Extracted data entries:
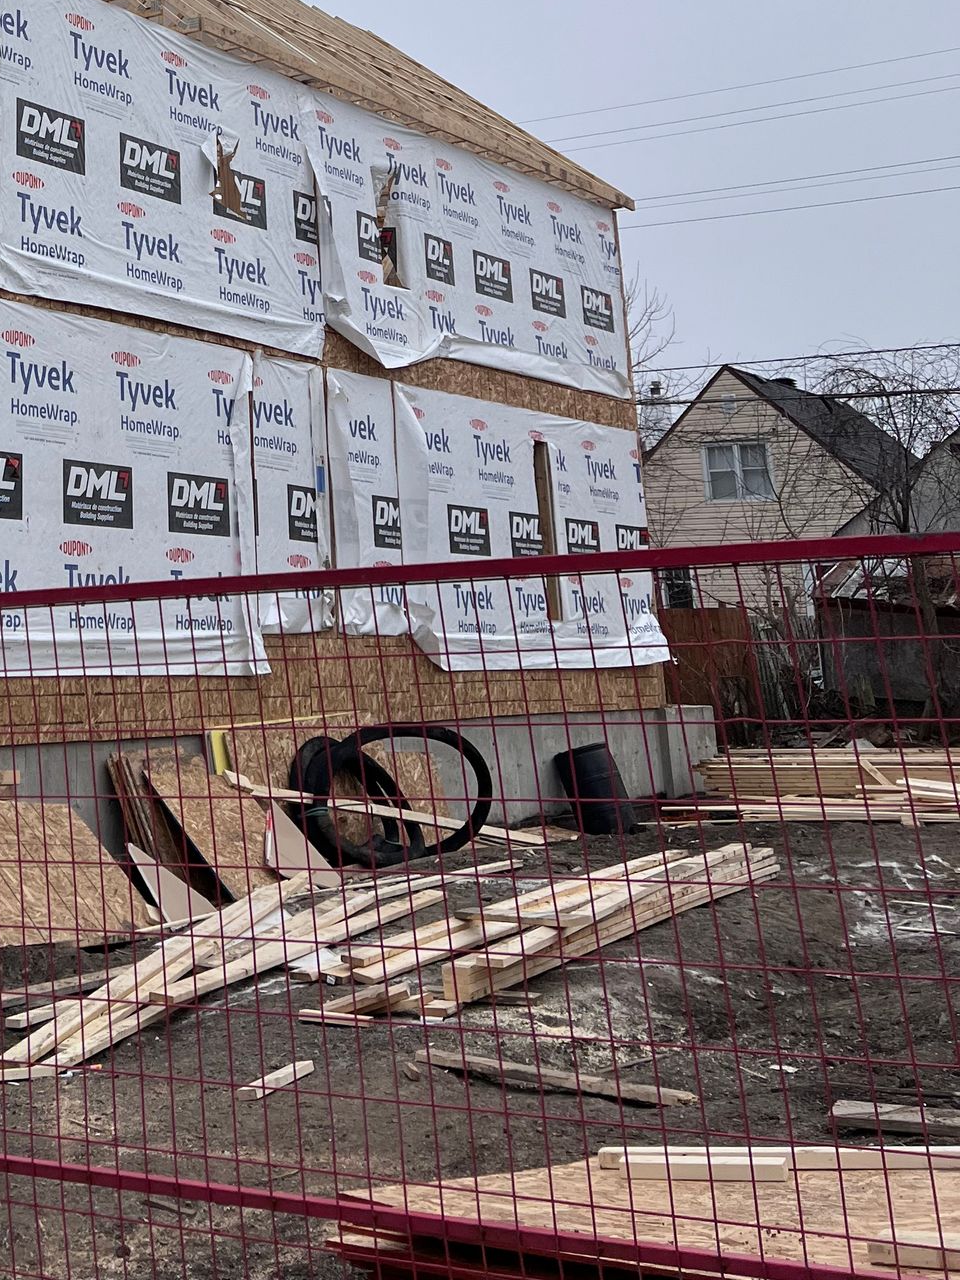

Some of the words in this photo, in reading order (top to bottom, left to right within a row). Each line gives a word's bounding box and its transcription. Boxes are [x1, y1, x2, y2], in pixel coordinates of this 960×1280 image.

[68, 13, 92, 30] DUPONT
[70, 31, 129, 76] Tyvek
[74, 72, 132, 105] HomeWrap
[165, 69, 219, 111] Tyvek
[20, 106, 78, 149] DML
[251, 101, 299, 141] Tyvek
[256, 137, 301, 166] HomeWrap
[318, 126, 360, 163] Tyvek
[123, 140, 175, 180] DML
[386, 152, 428, 187] Tyvek
[16, 172, 41, 189] DUPONT
[438, 173, 475, 205] Tyvek
[120, 202, 144, 218] DUPONT
[389, 190, 431, 211] omeWrap
[497, 195, 531, 226] Tyvek
[17, 192, 82, 237] Tyvek
[443, 205, 478, 227] HomeWrap
[122, 221, 180, 264] Tyvek
[502, 225, 535, 247] HomeWrap
[550, 215, 581, 244] Tyvek
[21, 236, 85, 268] HomeWrap
[599, 234, 616, 260] Tyv
[127, 263, 182, 291] HomeWrap
[214, 247, 267, 286] Tyvek
[476, 256, 508, 283] DML
[220, 286, 270, 313] HomeWrap
[533, 273, 561, 300] DML
[361, 287, 403, 320] Tyvek
[584, 290, 610, 315] DML
[5, 330, 32, 347] DUPONT
[366, 323, 407, 346] HomeWrap
[479, 320, 514, 347] Tyvek
[6, 352, 74, 394] Tyvek
[115, 352, 138, 367] DUPONT
[116, 371, 176, 411] Tyvek
[11, 398, 78, 426] HomeWrap
[254, 400, 294, 428] yvek
[121, 415, 179, 441] HomeWrap
[349, 415, 377, 441] vek
[425, 429, 451, 453] vek
[255, 435, 297, 456] omeWrap
[473, 435, 511, 465] Tyvek
[348, 451, 379, 468] meWrap
[585, 455, 616, 482] Tyvek
[67, 466, 126, 501] DML
[479, 469, 514, 487] HomeWrap
[171, 478, 223, 511] DML
[291, 493, 316, 517] DM
[375, 501, 400, 527] DM
[451, 509, 486, 536] DML
[569, 522, 598, 546] DML
[618, 528, 648, 549] DML
[63, 541, 89, 557] DUPONT
[169, 548, 191, 563] DUPONT
[453, 584, 493, 616] Tyvek
[515, 587, 545, 617] Tyve
[69, 612, 134, 633] HomeWrap
[176, 615, 232, 633] HomeWrap
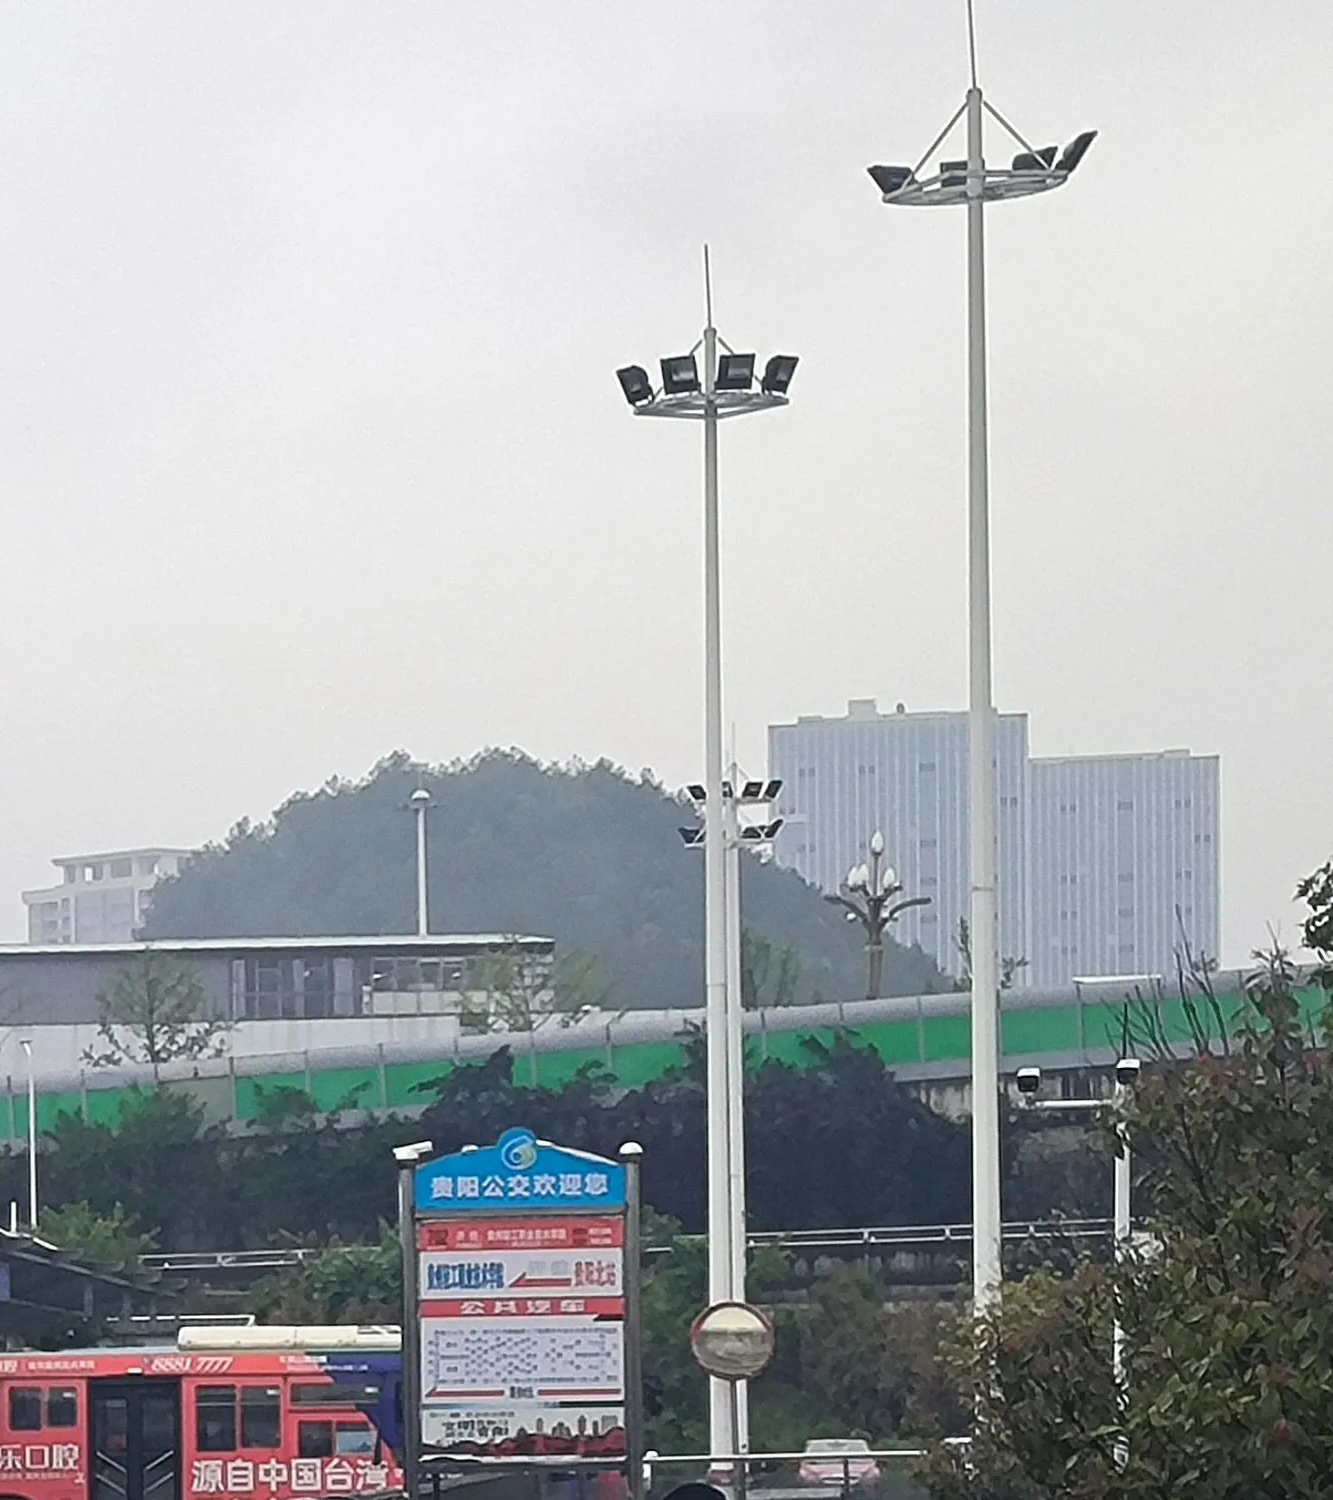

Work to be completed:
Exclude all images, then retype the records above without alteration.

Output of the task:
Some of the words in this photo, in reading order (top to bottom, left to right within a row). Each line gives a word's bounding box and its transcription. Boxes are [x1, y1, x2, y2], in pixel coordinates of this 960×1280 image.

[68, 13, 92, 30] DUPONT
[70, 31, 129, 76] Tyvek
[74, 72, 132, 105] HomeWrap
[165, 69, 219, 111] Tyvek
[20, 106, 78, 149] DML
[251, 101, 299, 141] Tyvek
[256, 137, 301, 166] HomeWrap
[318, 126, 360, 163] Tyvek
[123, 140, 175, 180] DML
[386, 152, 428, 187] Tyvek
[16, 172, 41, 189] DUPONT
[438, 173, 475, 205] Tyvek
[120, 202, 144, 218] DUPONT
[389, 190, 431, 211] omeWrap
[497, 195, 531, 226] Tyvek
[17, 192, 82, 237] Tyvek
[443, 205, 478, 227] HomeWrap
[122, 221, 180, 264] Tyvek
[502, 225, 535, 247] HomeWrap
[550, 215, 581, 244] Tyvek
[21, 236, 85, 268] HomeWrap
[599, 234, 616, 260] Tyv
[127, 263, 182, 291] HomeWrap
[214, 247, 267, 286] Tyvek
[476, 256, 508, 283] DML
[220, 286, 270, 313] HomeWrap
[533, 273, 561, 300] DML
[361, 287, 403, 320] Tyvek
[584, 290, 610, 315] DML
[5, 330, 32, 347] DUPONT
[366, 323, 407, 346] HomeWrap
[479, 320, 514, 347] Tyvek
[6, 352, 74, 394] Tyvek
[115, 352, 138, 367] DUPONT
[116, 371, 176, 411] Tyvek
[11, 398, 78, 426] HomeWrap
[254, 400, 294, 428] yvek
[121, 415, 179, 441] HomeWrap
[349, 415, 377, 441] vek
[425, 429, 451, 453] vek
[255, 435, 297, 456] omeWrap
[473, 435, 511, 465] Tyvek
[348, 451, 379, 468] meWrap
[585, 455, 616, 482] Tyvek
[67, 466, 126, 501] DML
[479, 469, 514, 487] HomeWrap
[171, 478, 223, 511] DML
[291, 493, 316, 517] DM
[375, 501, 400, 527] DM
[451, 509, 486, 536] DML
[569, 522, 598, 546] DML
[618, 528, 648, 549] DML
[63, 541, 89, 557] DUPONT
[169, 548, 191, 563] DUPONT
[453, 584, 493, 616] Tyvek
[515, 587, 545, 617] Tyve
[69, 612, 134, 633] HomeWrap
[176, 615, 232, 633] HomeWrap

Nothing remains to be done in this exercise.